Выбрать главу

Teleman’s mind was working furiously, weighing various possibilities, while he tried to sort out the various loopholes in each that would allow him to beat the odds stacking up against him. He could continue to climb to maximum altitude and speed, cutting into his remaining fuel load (already shaved to the danger point by the long flight into Tibet), to and maybe below the poundage needed to achieve rendezvous; or he could try and outfox his energetic pursuers. He checked the computers to see how much longer he dared defer the decision: ten minutes.
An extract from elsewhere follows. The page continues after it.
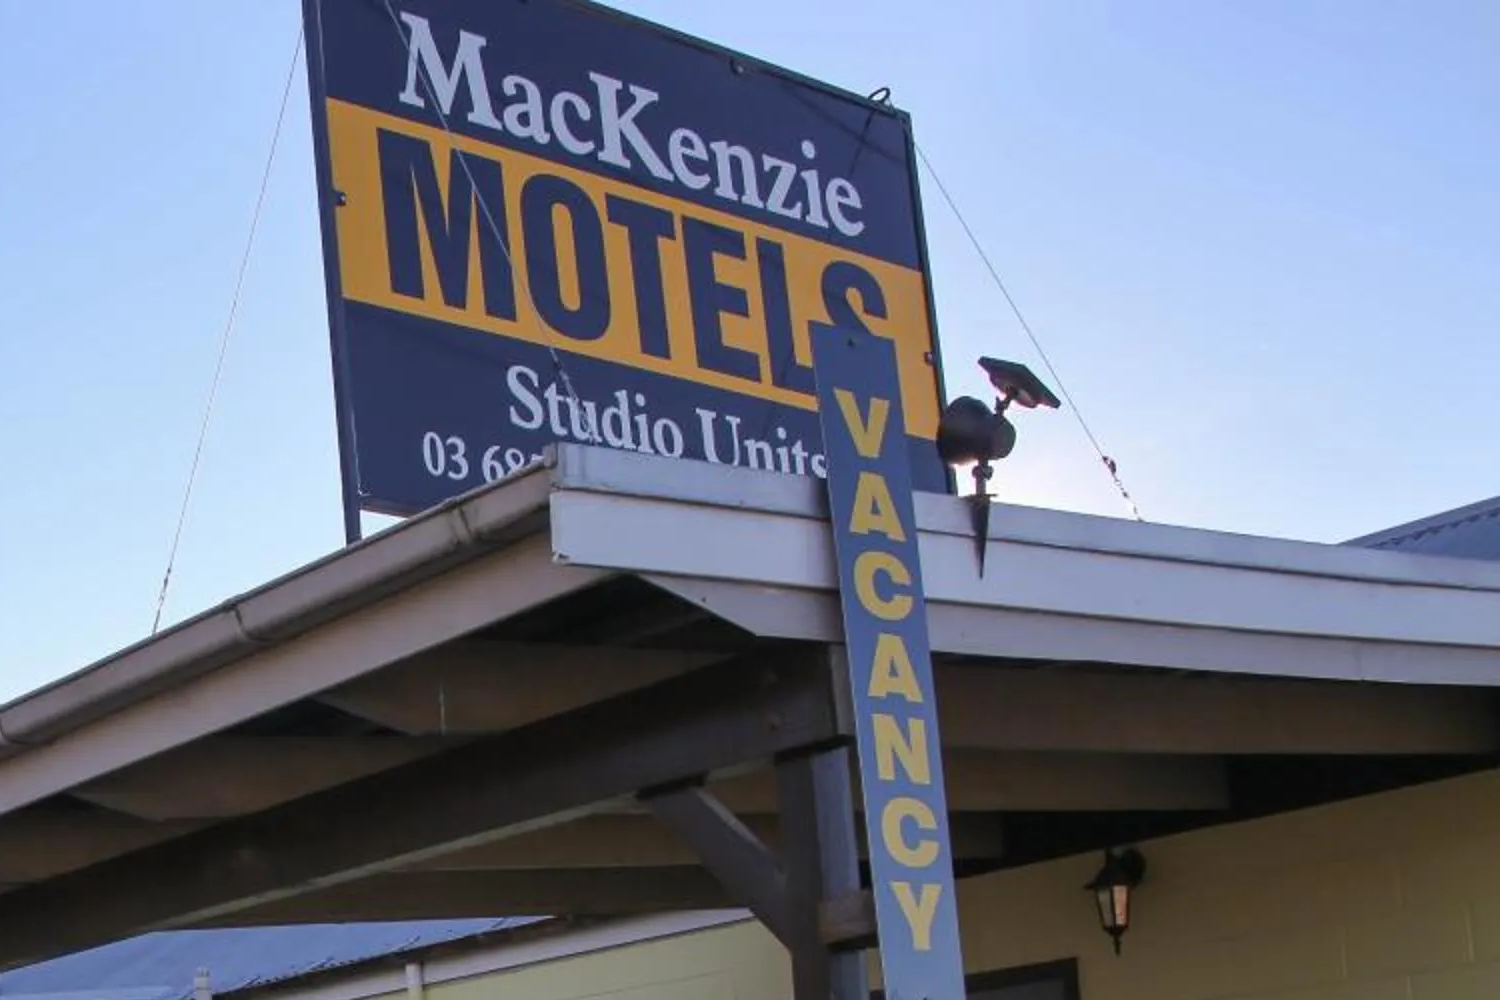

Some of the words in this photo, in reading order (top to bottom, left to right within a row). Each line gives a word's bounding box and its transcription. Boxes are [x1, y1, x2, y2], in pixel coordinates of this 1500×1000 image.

He was now flying at 225,000 feet at Mach 4.5 and heading due west across the southernmost part of the Soviet Union. Teleman made a small correction for the rendezvous patterns he had set up. Immediately the Falcon followed suit. He flew on, keeping a wary eye on the plane below. After five minutes, the second Falcon began to drop down in a long glide to its base, and then made an extended turn to the north, dropping lower all the time. At once, a third Falcon came roaring up to take position, still well behind, but having gained nearly twelve miles on his predecessor. The contact readout did a quick readjustment and flipped up the “comforting” news that it would now require only eight minutes before missile range could be achieved, and two minutes left to make his decision. After that, he would be committed to a stern chase across Russia. This third intruder seemed a little more impatient than the first two, Teleman thought, watching him close in faster. Probably wanted to hog the glory of bringing down the Americanski spion. Samolot. Teleman grinned. Only four hundred miles separated the two craft now, and Teleman considered it time to take some positive action.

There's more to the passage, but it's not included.